Please restate word for word, and with nothing added, the lines that run from the one holding "this 1800×1200 image." to the end of the entries below.

:::

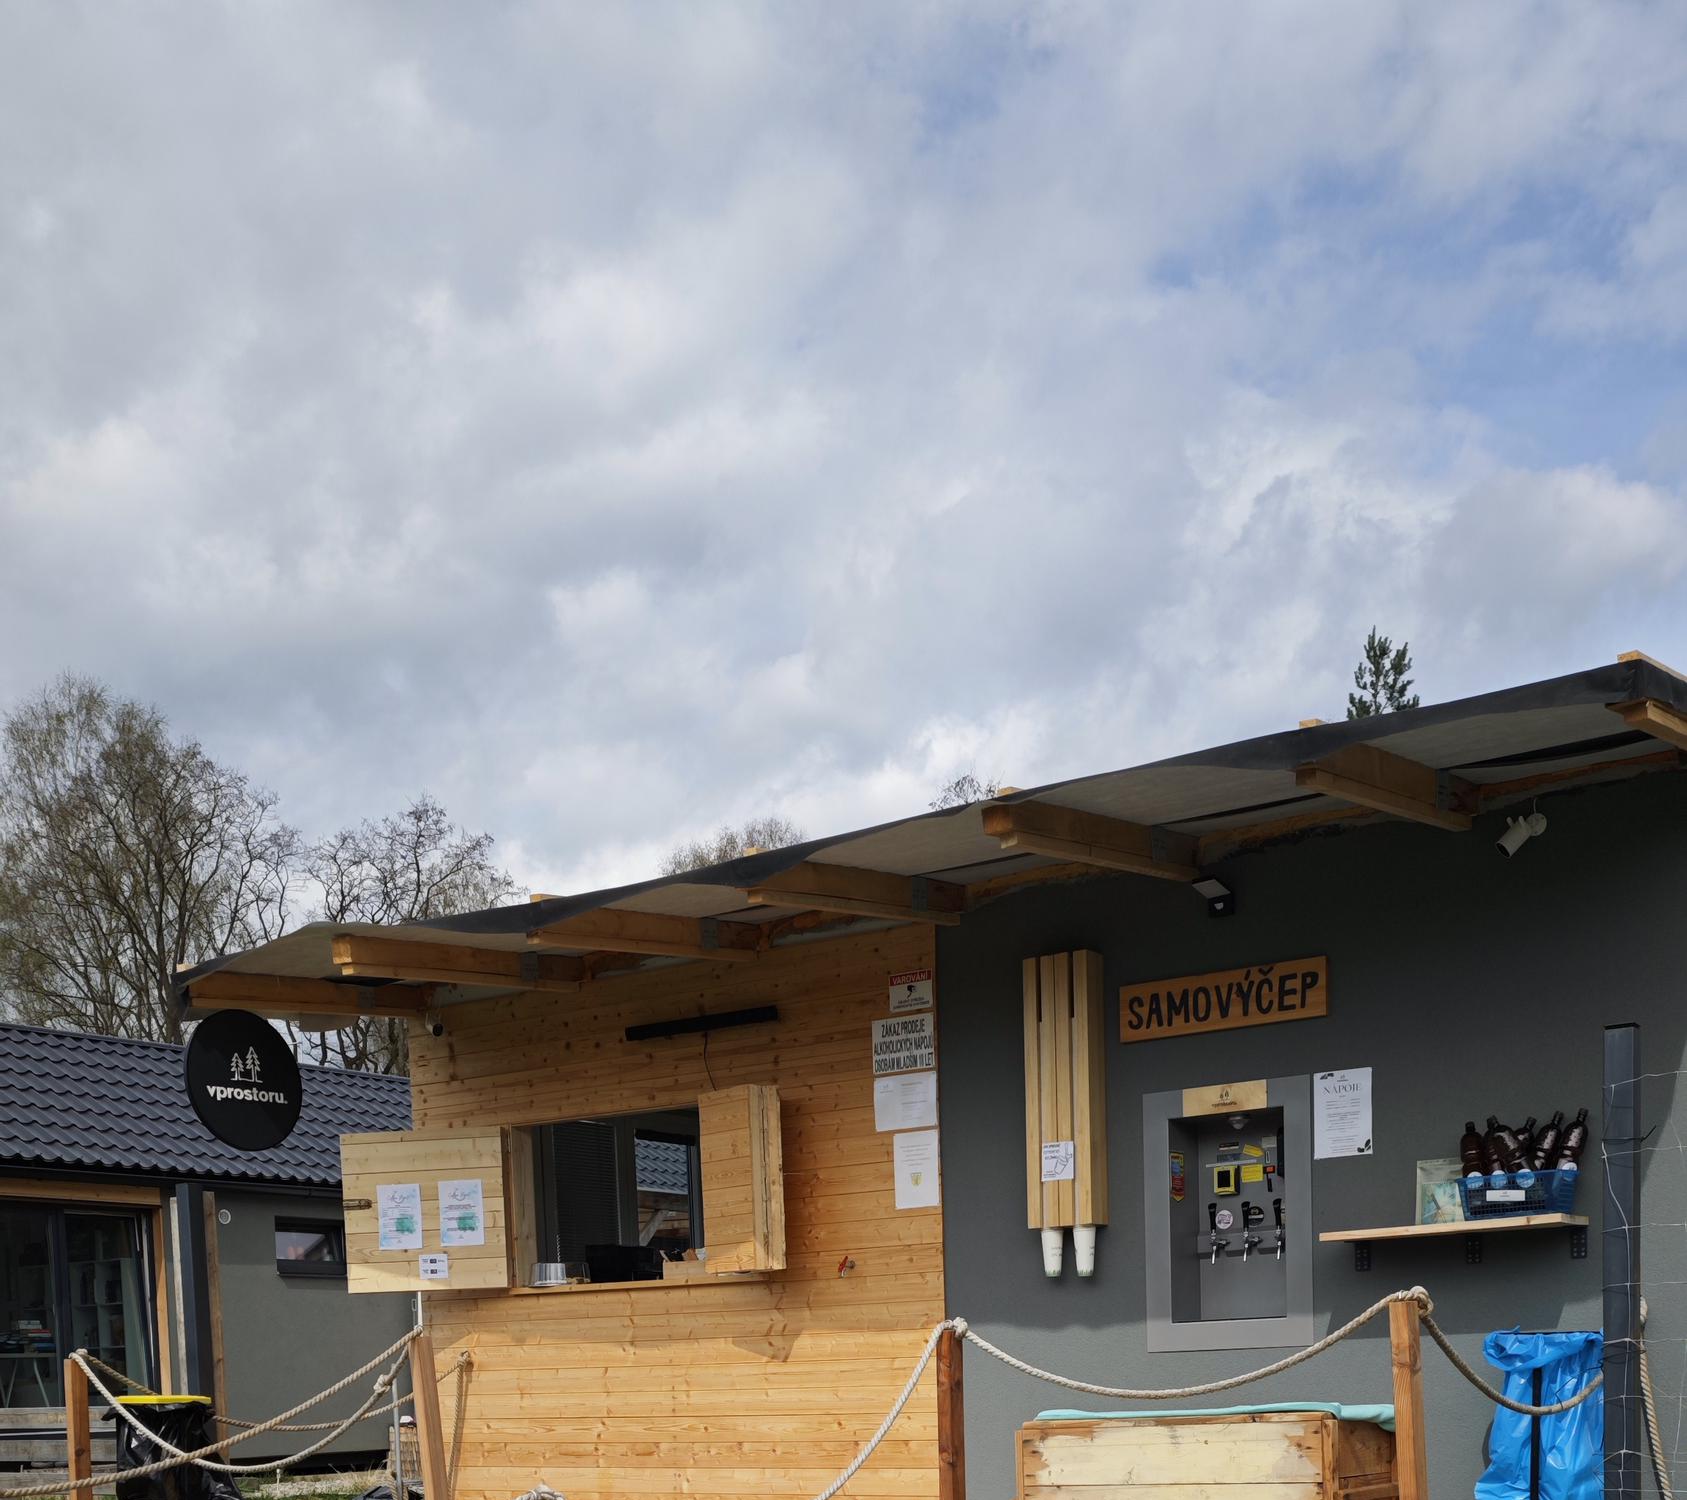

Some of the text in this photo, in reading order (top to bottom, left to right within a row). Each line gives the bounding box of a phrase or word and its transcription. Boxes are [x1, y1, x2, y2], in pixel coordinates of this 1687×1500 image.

[1128, 966, 1319, 1030] SAMOVÝČEP
[881, 1019, 925, 1038] ZÁKAZ PRODEJE
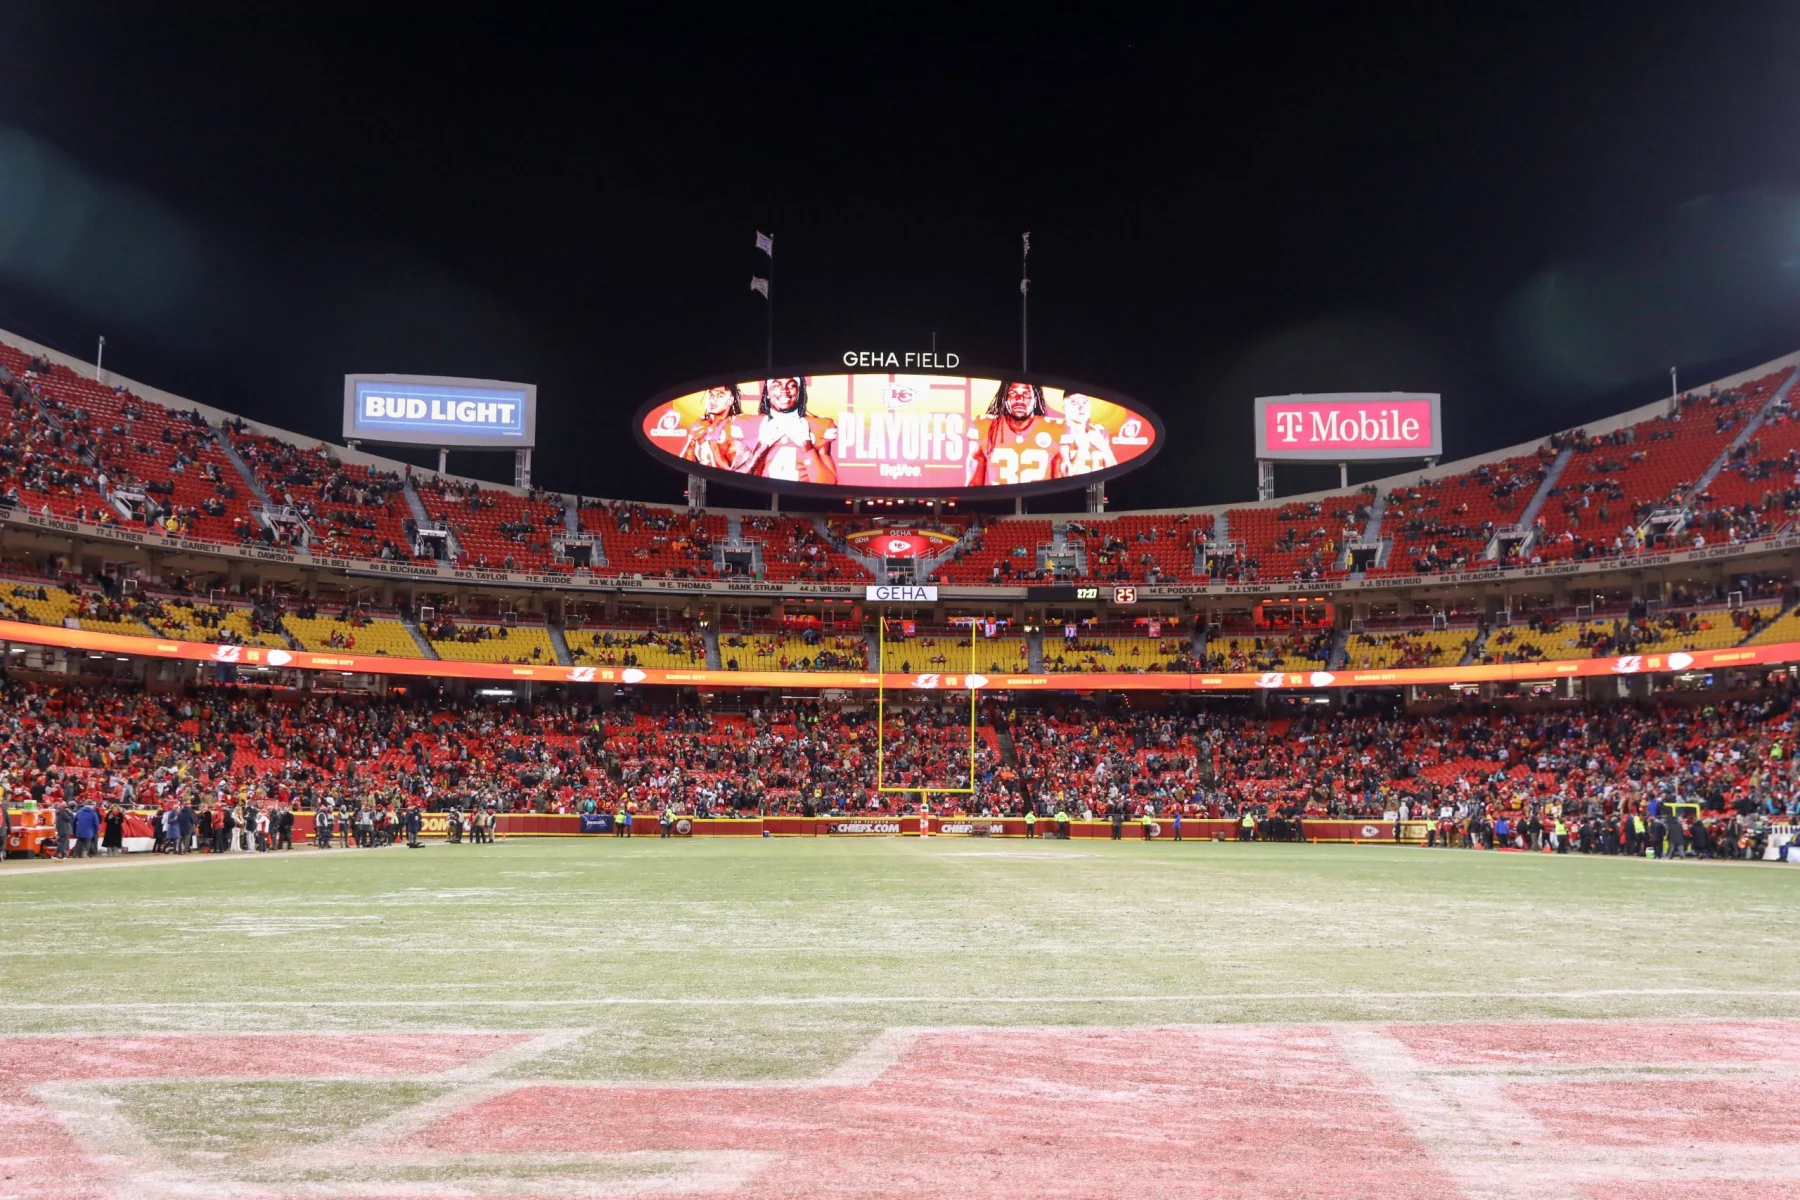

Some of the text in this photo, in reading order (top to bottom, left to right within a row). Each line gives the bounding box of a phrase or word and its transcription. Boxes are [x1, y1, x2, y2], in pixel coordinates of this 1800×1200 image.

[843, 351, 960, 368] GEHA FIELD
[366, 396, 427, 419] BUD
[1309, 410, 1420, 442] Mobile
[838, 412, 963, 461] PLAYOFFS
[991, 448, 1049, 485] 32
[49, 520, 78, 531] HOLUB
[114, 531, 143, 543] TYRER
[181, 541, 222, 553] GARRETT
[1709, 545, 1746, 557] CHERRY
[257, 551, 294, 562] DAWSON
[1619, 556, 1670, 568] McCLINTON
[331, 560, 352, 568] BELL
[390, 565, 438, 576] BUCHANAN
[1544, 565, 1580, 575] RUDNAY
[476, 572, 508, 581] TAYLOR
[1461, 571, 1506, 581] HEADRICK
[1375, 578, 1422, 587] STENERUD
[876, 586, 928, 600] GEHA
[1117, 588, 1134, 602] 25
[247, 651, 260, 661] VS
[1647, 658, 1661, 668] VS
[602, 671, 614, 680] VS
[1290, 675, 1303, 684] VS
[945, 677, 958, 686] VS
[838, 824, 899, 832] CHIEFS.COM
[10, 837, 20, 846] G

:::

TASK OUTPUT ::
Some of the text in this photo, in reading order (top to bottom, left to right within a row). Each line gives the bounding box of a phrase or word and its transcription. Boxes are [x1, y1, x2, y2], in pixel coordinates of this 1800×1200 image.

[843, 351, 960, 368] GEHA FIELD
[366, 396, 427, 419] BUD
[1309, 410, 1420, 442] Mobile
[838, 412, 963, 461] PLAYOFFS
[991, 448, 1049, 485] 32
[49, 520, 78, 531] HOLUB
[114, 531, 143, 543] TYRER
[181, 541, 222, 553] GARRETT
[1709, 545, 1746, 557] CHERRY
[257, 551, 294, 562] DAWSON
[1619, 556, 1670, 568] McCLINTON
[331, 560, 352, 568] BELL
[390, 565, 438, 576] BUCHANAN
[1544, 565, 1580, 575] RUDNAY
[476, 572, 508, 581] TAYLOR
[1461, 571, 1506, 581] HEADRICK
[1375, 578, 1422, 587] STENERUD
[876, 586, 928, 600] GEHA
[1117, 588, 1134, 602] 25
[247, 651, 260, 661] VS
[1647, 658, 1661, 668] VS
[602, 671, 614, 680] VS
[1290, 675, 1303, 684] VS
[945, 677, 958, 686] VS
[838, 824, 899, 832] CHIEFS.COM
[10, 837, 20, 846] G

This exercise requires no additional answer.